_Problem to work on_
Below are records with pictures in them; print them exactly, omitting the pictures.

_Task data_
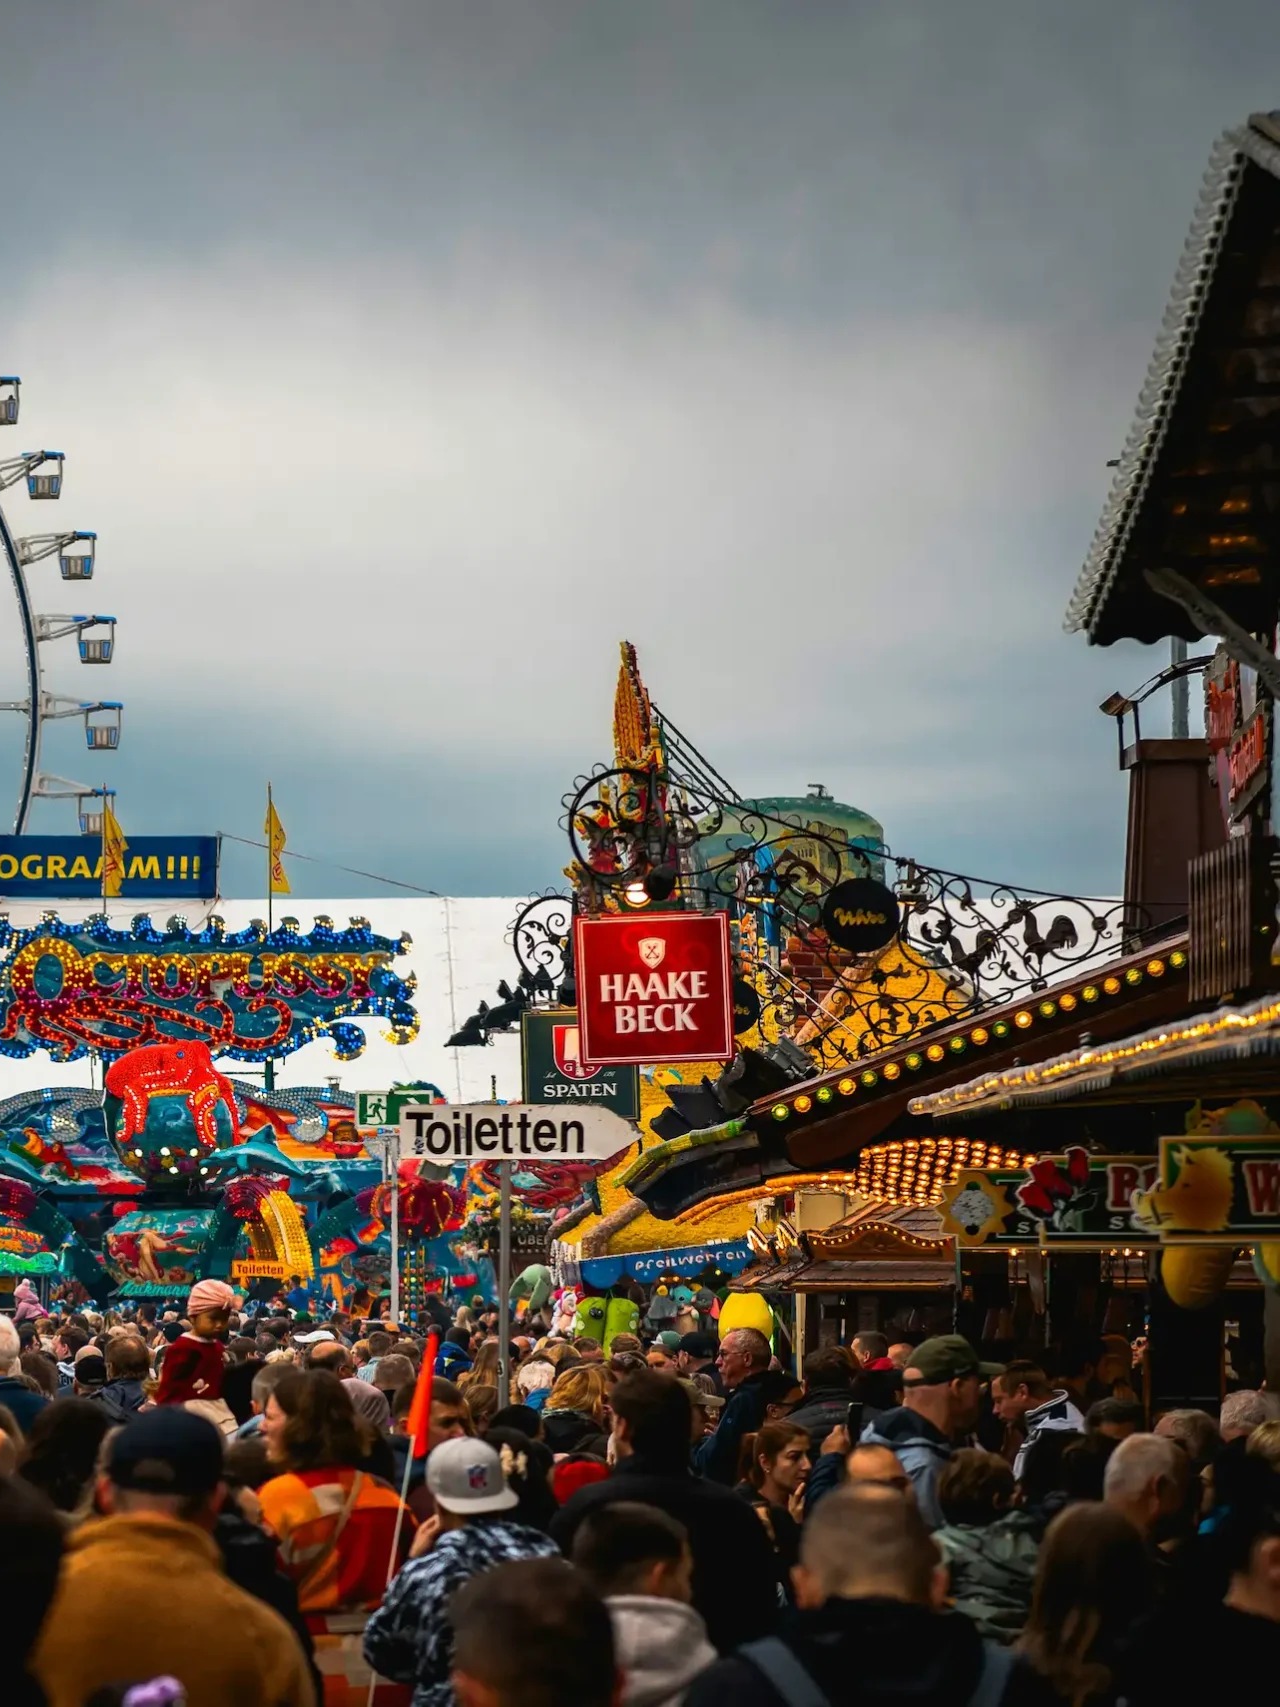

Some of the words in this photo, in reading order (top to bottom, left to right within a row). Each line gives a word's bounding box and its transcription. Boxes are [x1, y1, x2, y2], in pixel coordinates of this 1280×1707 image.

[11, 936, 393, 1003] OCTOPUSSY
[599, 970, 709, 1003] HAAKE
[614, 1002, 699, 1034] BECK
[543, 1083, 618, 1098] SPATEN
[405, 1111, 586, 1156] Toiletten
[236, 1263, 284, 1275] Toiletten
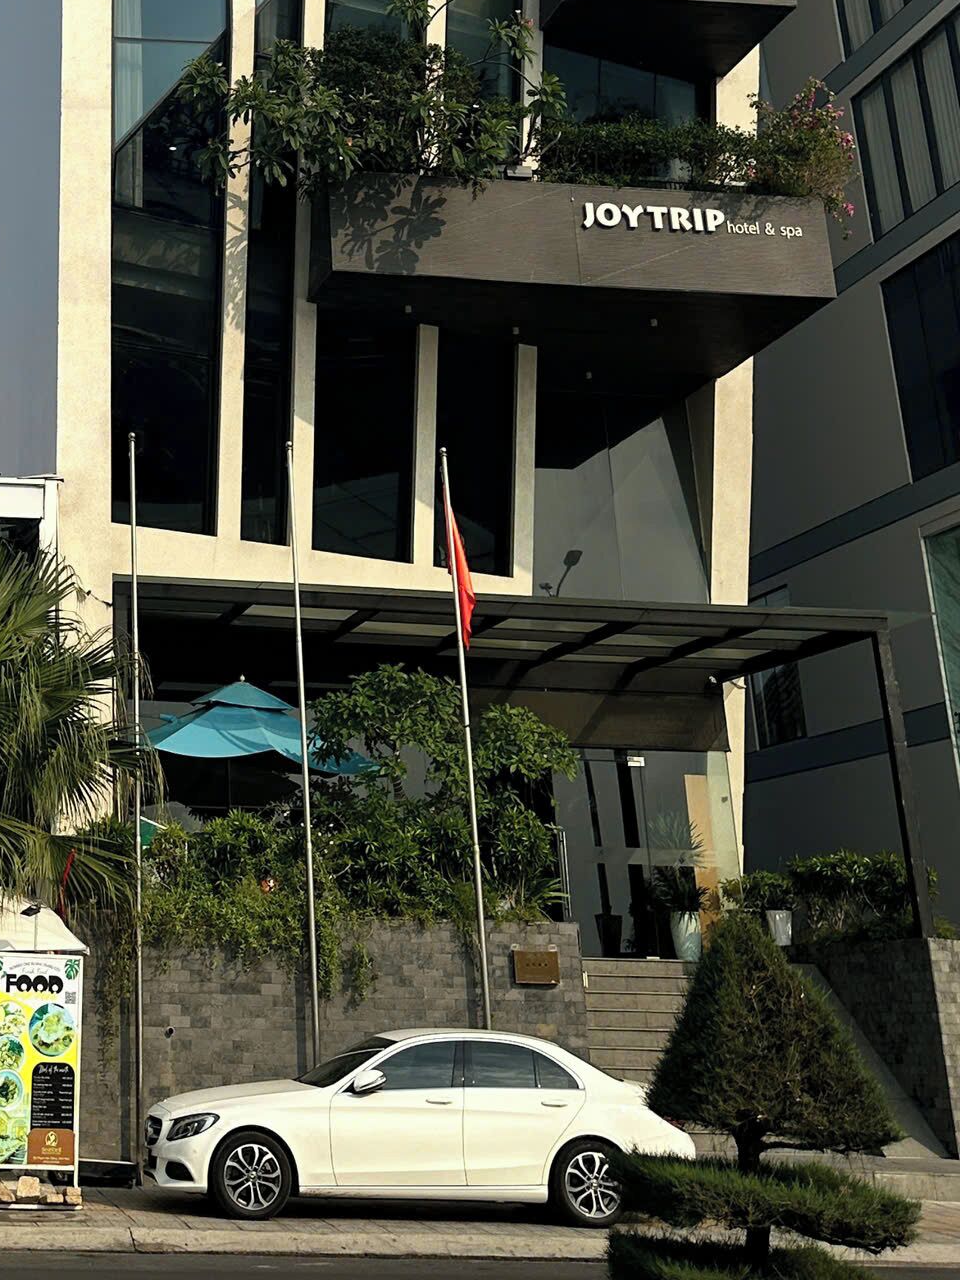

_Result_
Some of the words in this photo, in reading order (top to bottom, left to right within a row). Each line gives a word's bounding box and its transcription. Boxes are [x1, y1, x2, y2], in pixel coordinates of this 1280×1707 image.

[11, 936, 393, 1003] OCTOPUSSY
[599, 970, 709, 1003] HAAKE
[614, 1002, 699, 1034] BECK
[543, 1083, 618, 1098] SPATEN
[405, 1111, 586, 1156] Toiletten
[236, 1263, 284, 1275] Toiletten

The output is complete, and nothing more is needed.